Une dystopie carcérale

L'expérience "Positron" se fait en circuit fermé : rien ne rentre, rien ne sort, les communications sont interdites, les caméras omniprésentes, des patrouilles de Surveillance sillonnent les rues. Néanmoins, Stan et Charmaine y coulent des jours heureux, quoique monotones. Jusqu'au jour où Stan tombe sur le billet d'une certaine Jasmine adressé à un certain Max : "Je suis affamée de toi !" Ces quelques mots le bouleversent, le rendent fou de désir. Il fantasme et délire. Mais peu à peu, il réalise que ni la Jamsine dont il rêve, ni sa Charmaine, un peu nunuche, n'est la femme qu'il croit.

On glisse alors dans les coulisses du programme "Positron". Au menu, trafic d'organes, fabrication de poupées sexuelles, les "Prostibots", et autres joyeuseries. On est jeté sans vergogne dans les affres de la misère humaine. Le narrateur se glisse et nous entraîne dans la peau de chacun des personnages, ne nous épargne aucun détail du fil de leurs pensées, parfois abjectes. Les frustrations et pulsions sexuelles jalonnent le roman, thème prédominant dans l'ensemble des œuvres de Margaret Atwood. La Canadienne le fait toujours avec humour, dans un langage oral et cru. Elle module son roman sous forme de comédie burlesque, de vaudeville grand-guignolesque. Elle dénonce l'absurdité d'un système orwellien en usant elle-même d'une écriture presque kafkaïenne.

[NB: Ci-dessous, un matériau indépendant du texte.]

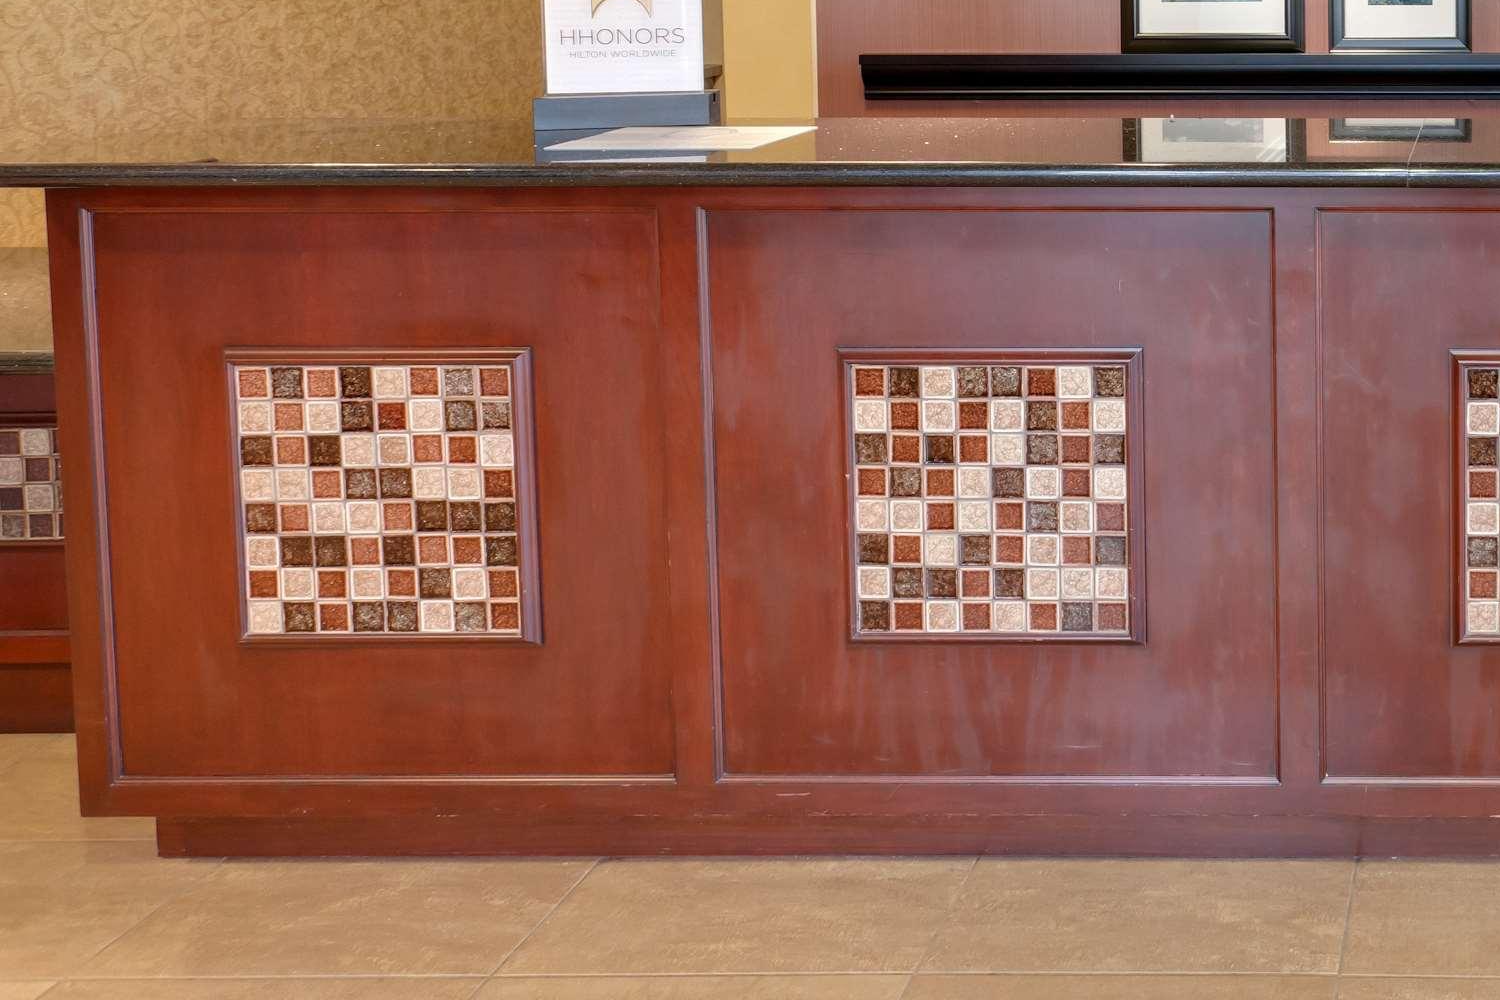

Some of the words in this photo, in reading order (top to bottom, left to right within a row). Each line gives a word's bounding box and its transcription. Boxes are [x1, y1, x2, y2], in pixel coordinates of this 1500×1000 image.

[560, 27, 685, 45] HHONORS
[569, 50, 607, 59] HILTON
[610, 50, 677, 59] WORLDWIDE
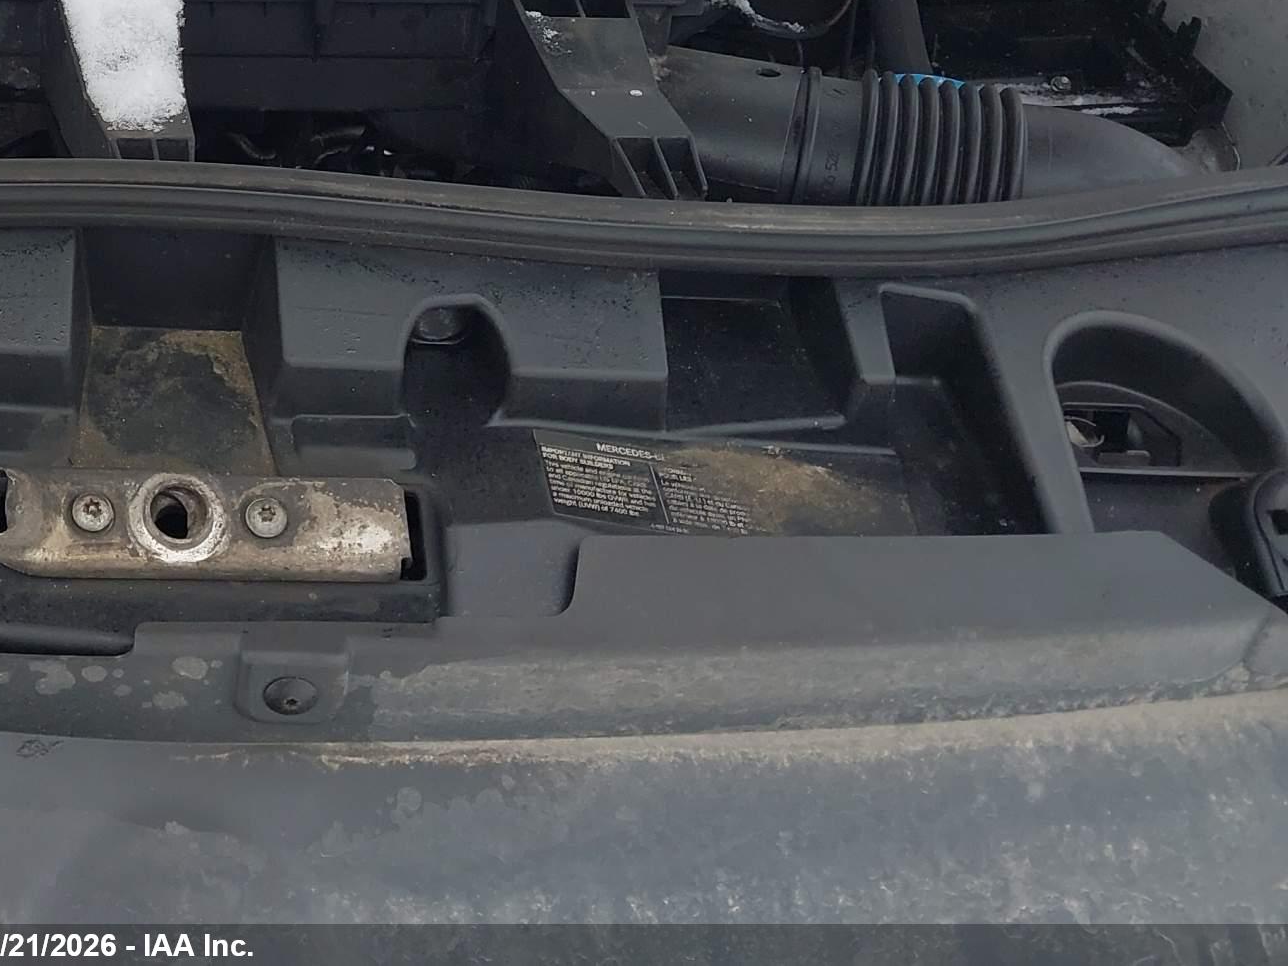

Margaret Atwood, visionnaire et reine incontestée de la science-fiction, est régulièrement pressentie pour le Nobel de littérature. En attendant, il ne fait aucun doute qu'on parlera encore longtemps d'elle : en 2015, elle a déposé son manuscrit "Sribble Moon" au projet bibliothèque du futur. Ce roman sera publié en... 2114. Alors, nous en aurons le cœur net et saurons enfin si ses prophéties de Cassandre eschatologique sont amenées à se réaliser.
Couverture de "C'estle cœur qui lâche en premier", Margaret Atwood (Robert Laffo
"C'est le cœur qui lâche en dernier", Margaret Atwood, traduit del'anglais par Michèle Albararet-Maatsch
(Robert Laffont - 450 pages - 22 euros)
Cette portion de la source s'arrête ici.